Handicapped

A joke:

An autistic woman walks into a bar and scans the room without making eye contact with anyone.  She sees a paraplegic wheel himself up to the counter to order a beer, and in a too-loud voice she laments, to no one in particular, "I feel sorry for that man. It must be so hard being handicapped."

Ha ha ha! Talk about the pot calling the kettle black.

In the real story, Sam and I were walking down the street and the paraplegic was propelling himself down the opposite sidewalk, but Sam's comment is verbatim. I suggested to her that the man looked pretty well-adjusted to life without walking and she need not pity him. Inside myself, though, I was laughing at the absurdity of my autistic child worrying about someone with a disability. I wanted to tell her that the man might feel just as sorry for her as she felt for him. He understands how to navigate life well without functioning legs, but he probably couldn't imagine surviving without a strong theory of mind or contextual awareness.

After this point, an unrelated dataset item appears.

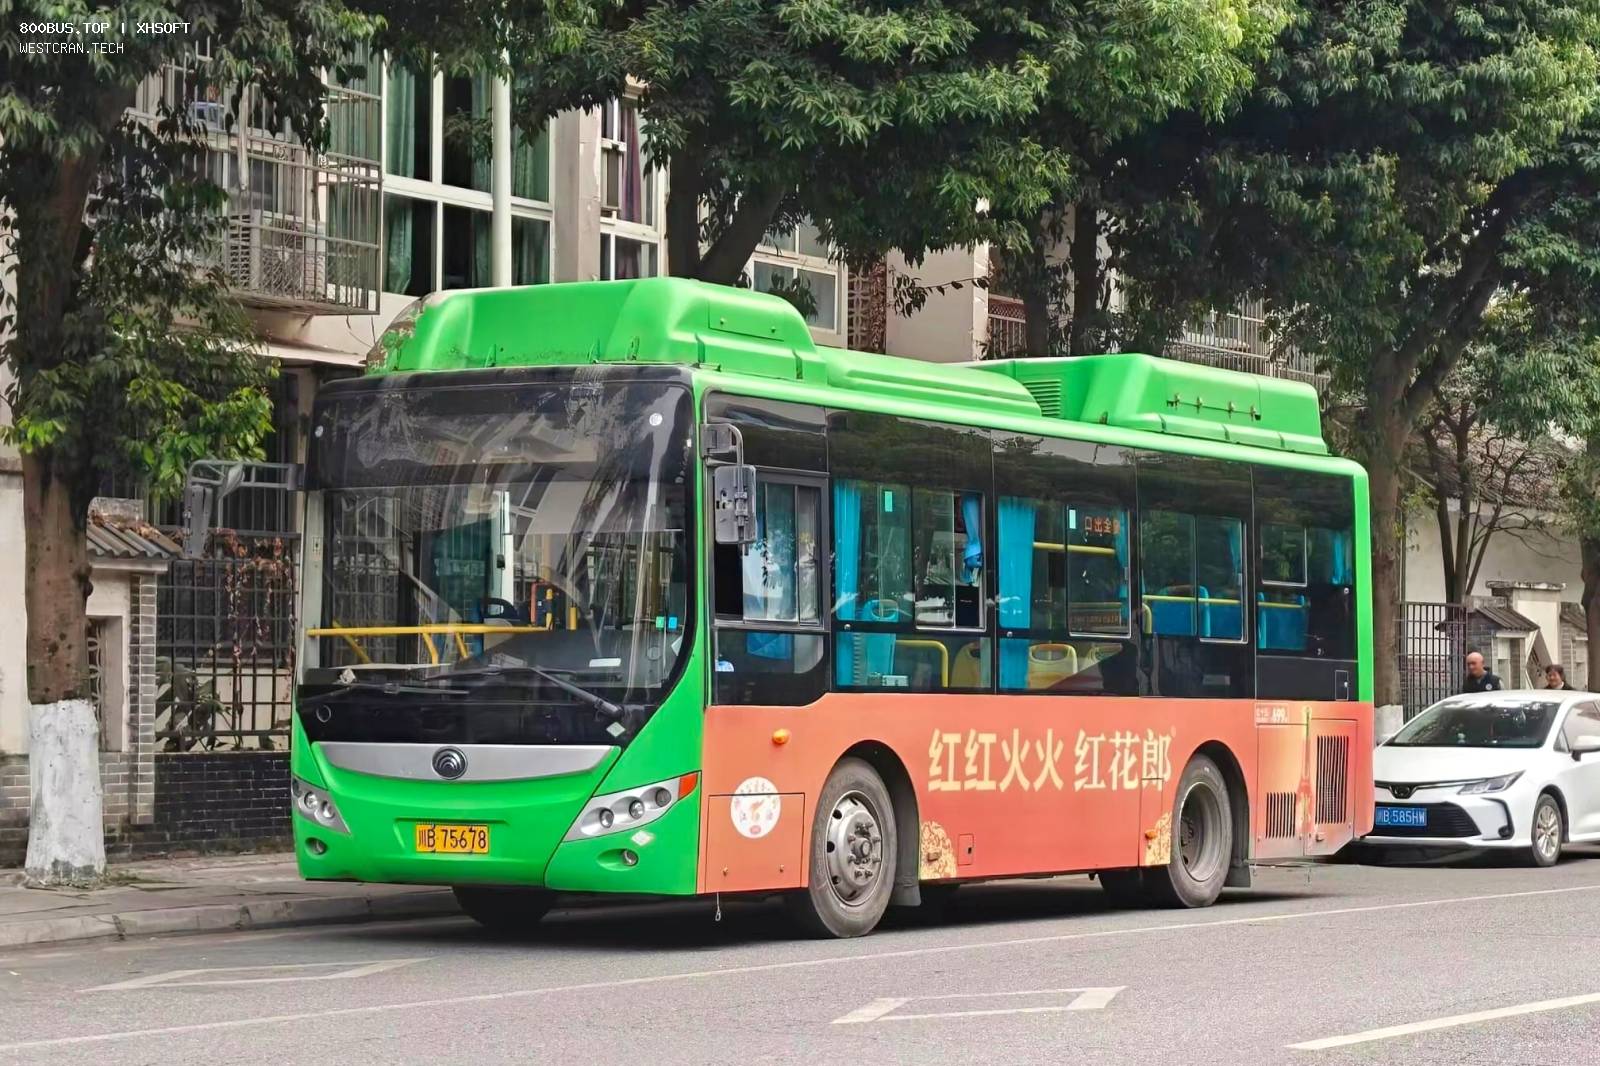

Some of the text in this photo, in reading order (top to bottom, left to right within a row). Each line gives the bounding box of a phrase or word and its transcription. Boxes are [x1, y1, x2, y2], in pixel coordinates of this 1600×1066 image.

[927, 727, 1172, 792] 红红火火 红花郎

Feeling bad for other people is an experience fraught with hubris. Pilots may not understand how someone with acrophobia could lead a full, satisfying life without experiencing the joy of flying, and intrepid travelers may pity the country bumpkin who never leaves her hometown. But none of us pity human beings for lacking a tapetum lucidum, the part of a cat's eye that enables it to see well at night, even though a cat might think such a handicap compromises one's quality of life mightily. Judging others as "challenged" for lacking exactly the attributes we possess, whatever they may be, seems to be a universal tendency. When we realize that other people are judging our deficiencies just as we are judging theirs, however, we may want to stop and question our own subtle arrogance. My guess is that the arrogance doesn't stem from bigotry or any evil intent. Rather, I think it comes from our natural insecurity about our place in the world coupled with an innate lack of imagination. We know what we know and have trouble imagining what we do not. We are often told to put ourselves into other people's shoes in order to develop compassion for them, and I fully support that effort. I do, though, think we need to add a healthy dose of humility and acknowledge that we never have, and never can, live their experience when we jump into their present without having lived their past.